Saturday, February 14, 2009

Marriage Quality and Having Children

I am reading Till Children Do Us Part online at The New York Times and thinking this is interesting but I was not sure whether to post or not. What got me the most was that marriage with kids is difficult and there is no one path to success.

"HALF a century ago, the conventional wisdom was that having
a child was the surest way to build a happy marriage. Women’s magazines of that era promised that almost any marital problem could be resolved by embarking on parenthood. Once a child arrives, “we don’t worry about this couple any more,” an editor at Better Homes and Gardens enthused in 1944. “There are three in that family now. ... Perhaps there is not much more needed in a recipe for happiness.”"


Over the past two decades, however, many researchers have concluded that three’s a crowd when it comes to marital satisfaction. More than
25 separate studies have established that marital quality drops, often quite steeply, after the transition to parenthood. And forget the “empty nest” syndrome: when the children leave home, couples report an increase in marital happiness.
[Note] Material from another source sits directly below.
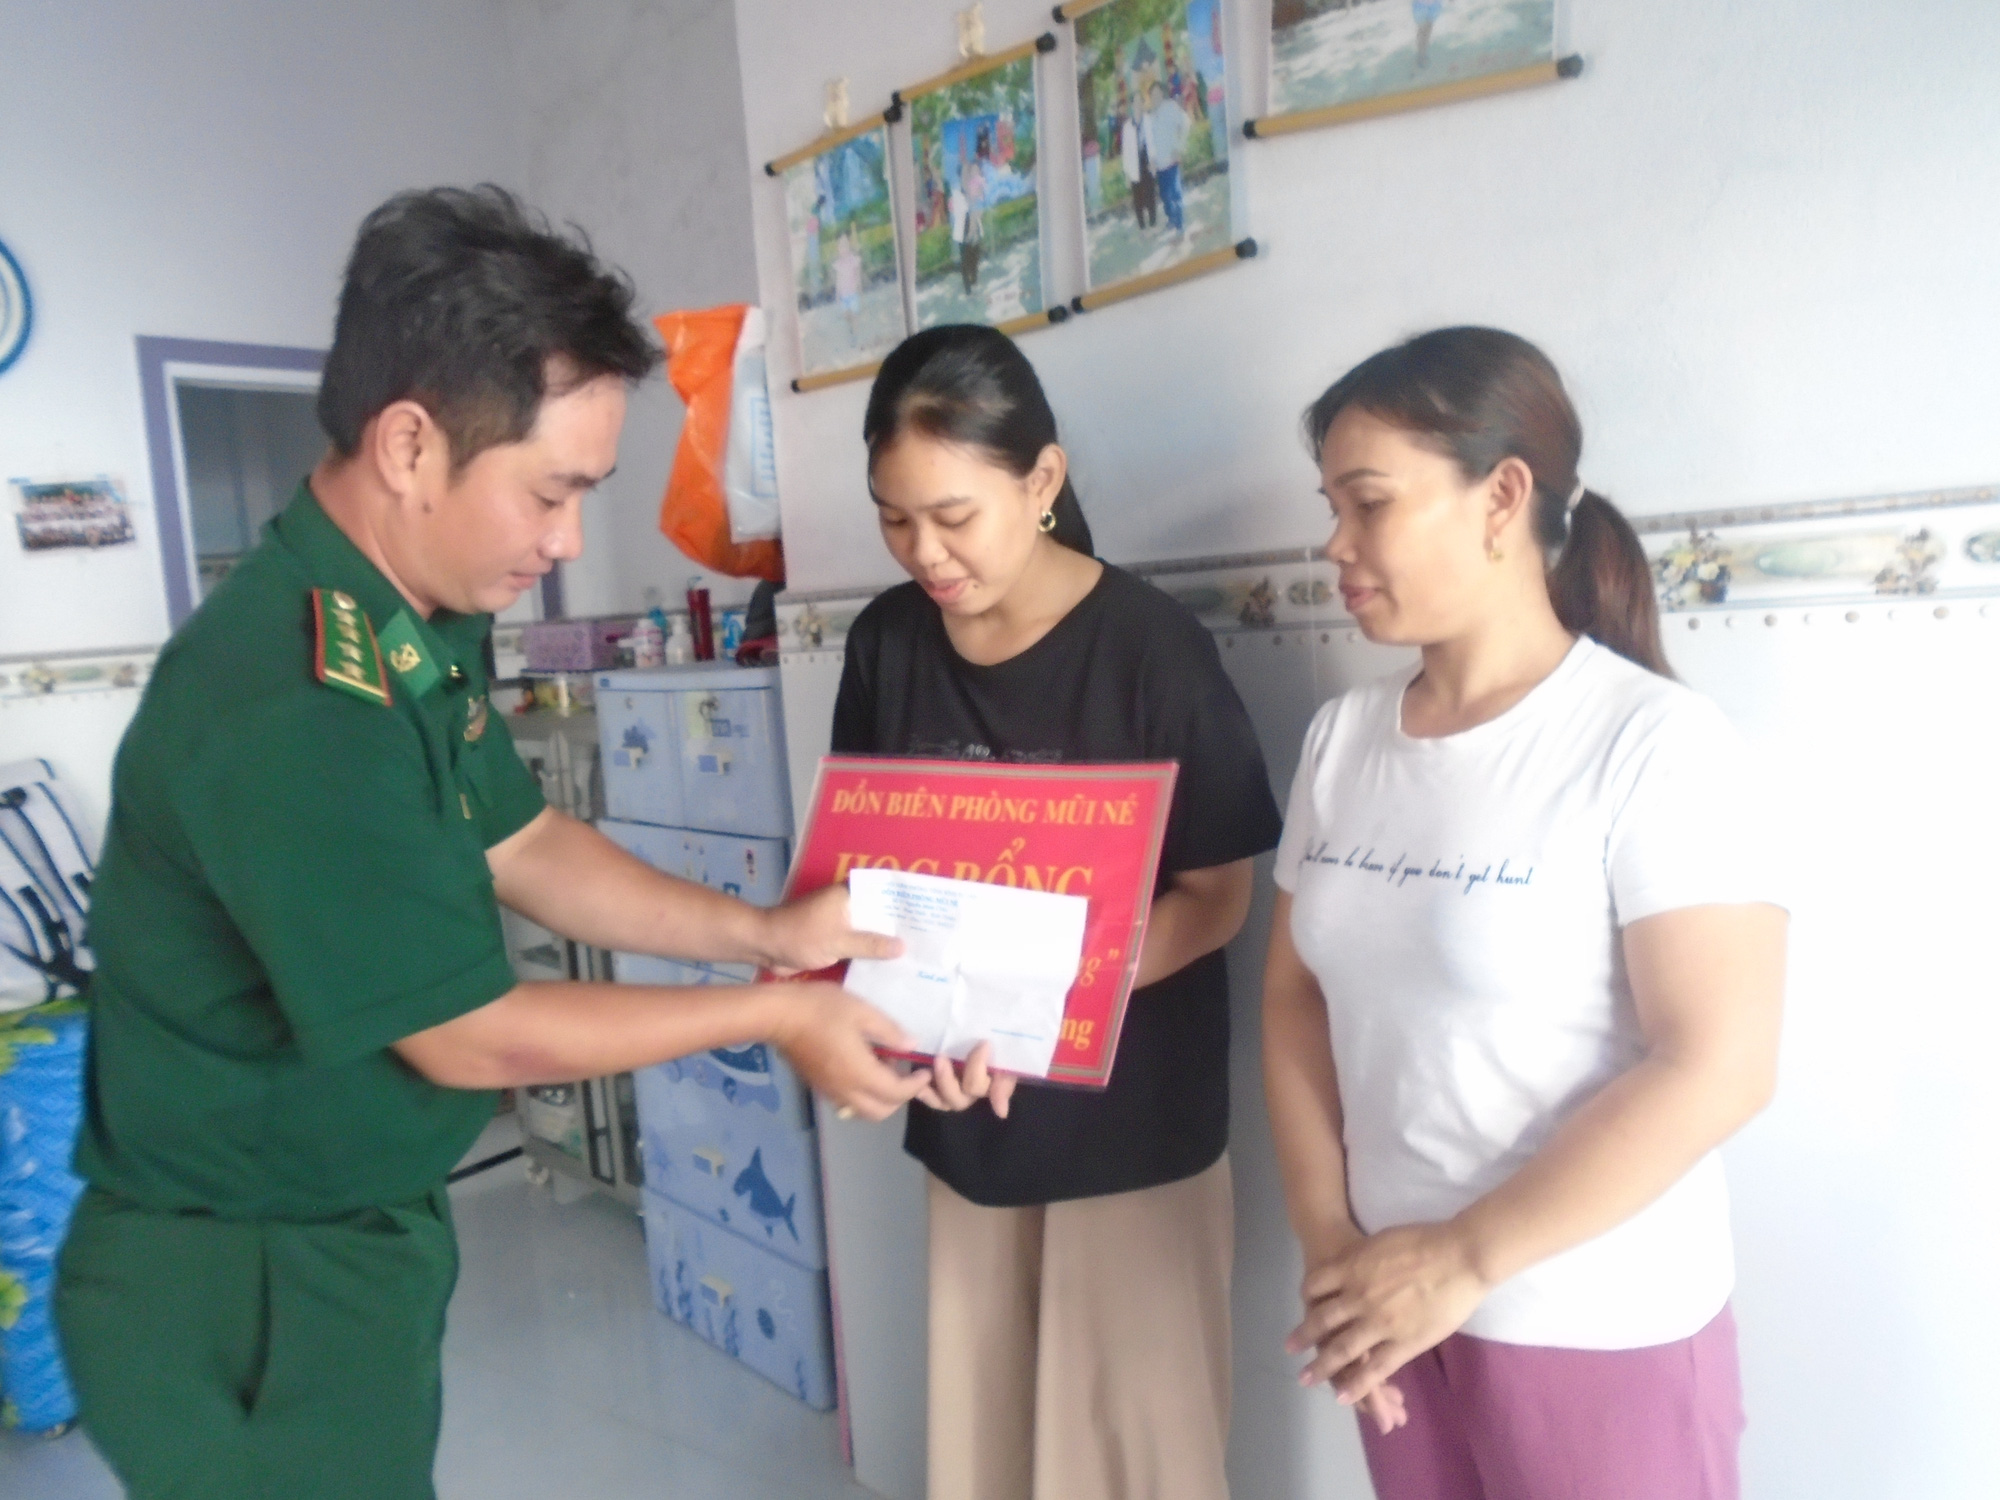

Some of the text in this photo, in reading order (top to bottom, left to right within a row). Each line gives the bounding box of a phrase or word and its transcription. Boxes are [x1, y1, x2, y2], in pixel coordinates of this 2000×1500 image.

[886, 786, 947, 818] BIÊN
[948, 789, 1038, 823] PHÒNG
[1042, 793, 1098, 825] MŨI
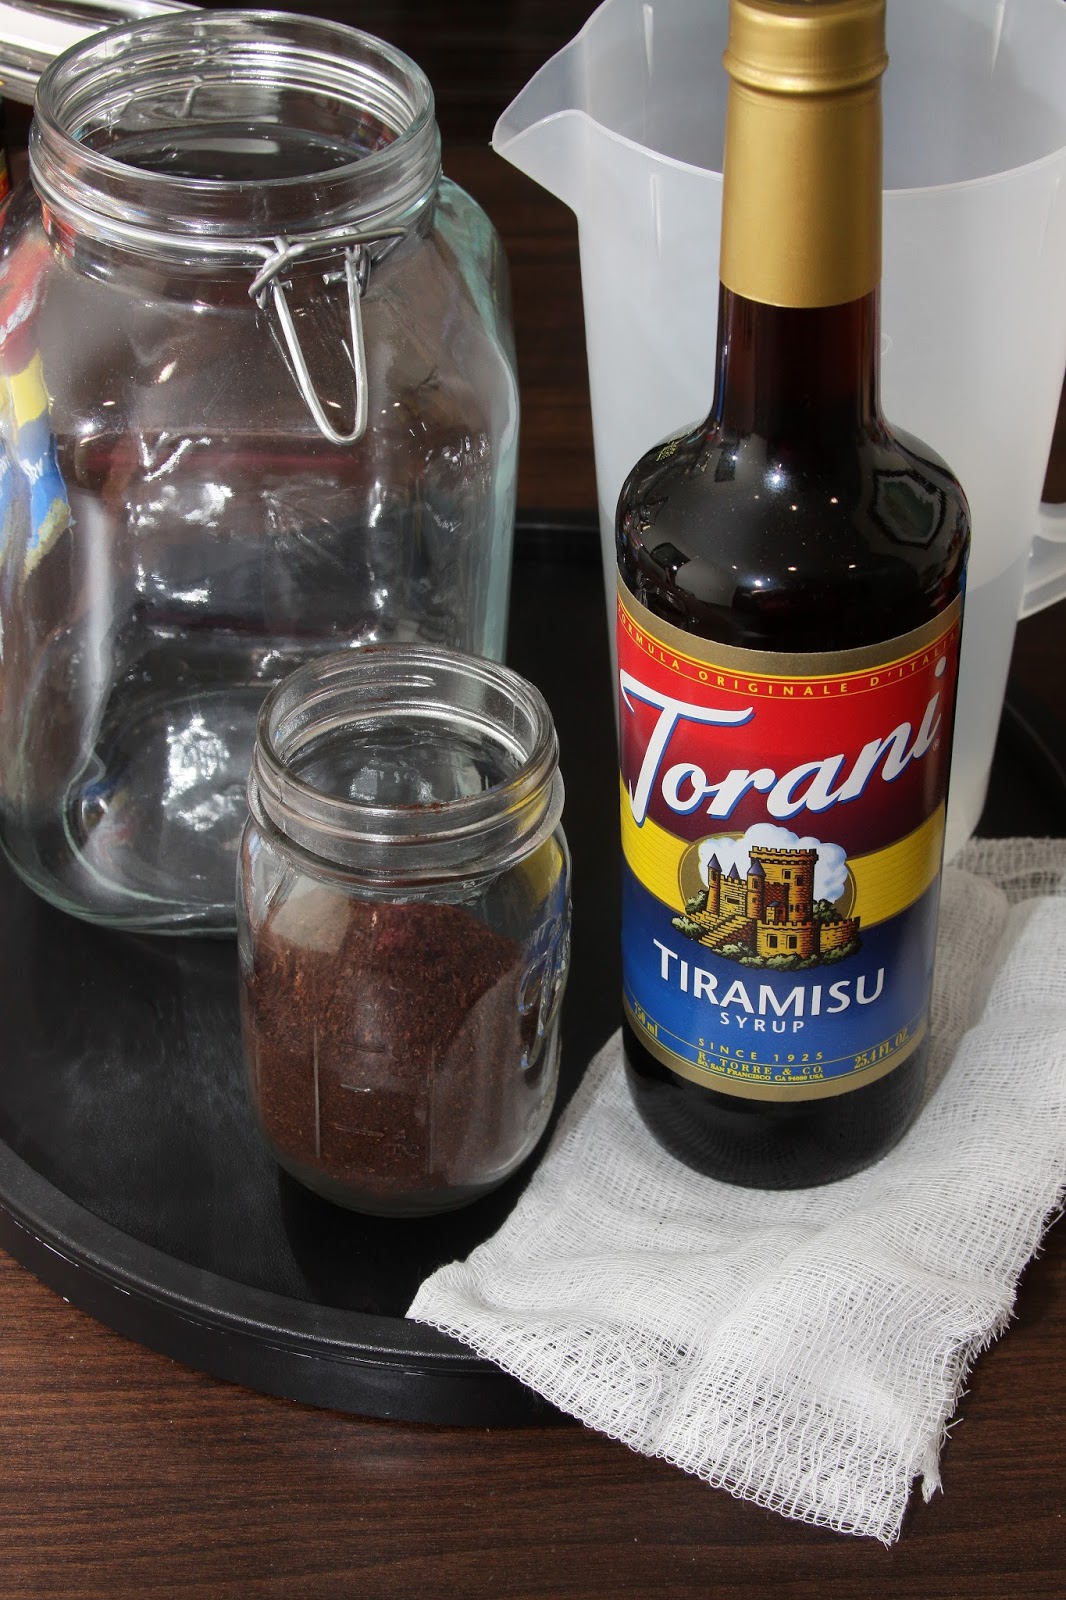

But does the arrival of children doom couples to a less satisfying marriage? Not necessarily. Two researchers at the University of California at Berkeley, Philip and Carolyn Cowan, report in a forthcoming briefing paper for the Council on Contemporary Families that most studies finding a large drop in marital quality after childbirth do not consider the very different routes that couples travel toward parenthood.


The Cowans found that the average drop in marital satisfaction was
almost entirely accounted for by the couples who slid into being parents, disagreed over it or were ambivalent about it. Couples who planned or equally welcomed the conception were likely to maintain or even increase their marital satisfaction after the child was born.


When the Cowans designed programs to help couples resolve these
differences, they had fewer conflicts and higher marital quality. And the children did better socially and academically because their parents were happier. But keeping a marriage vibrant is a never-ending job.
Deciding together to have a child and sharing in child-rearing do not immunize a marriage. Indeed, collaborative couples can face other problems. They often embark on such an intense style of parenting that they end up paying less attention to each other.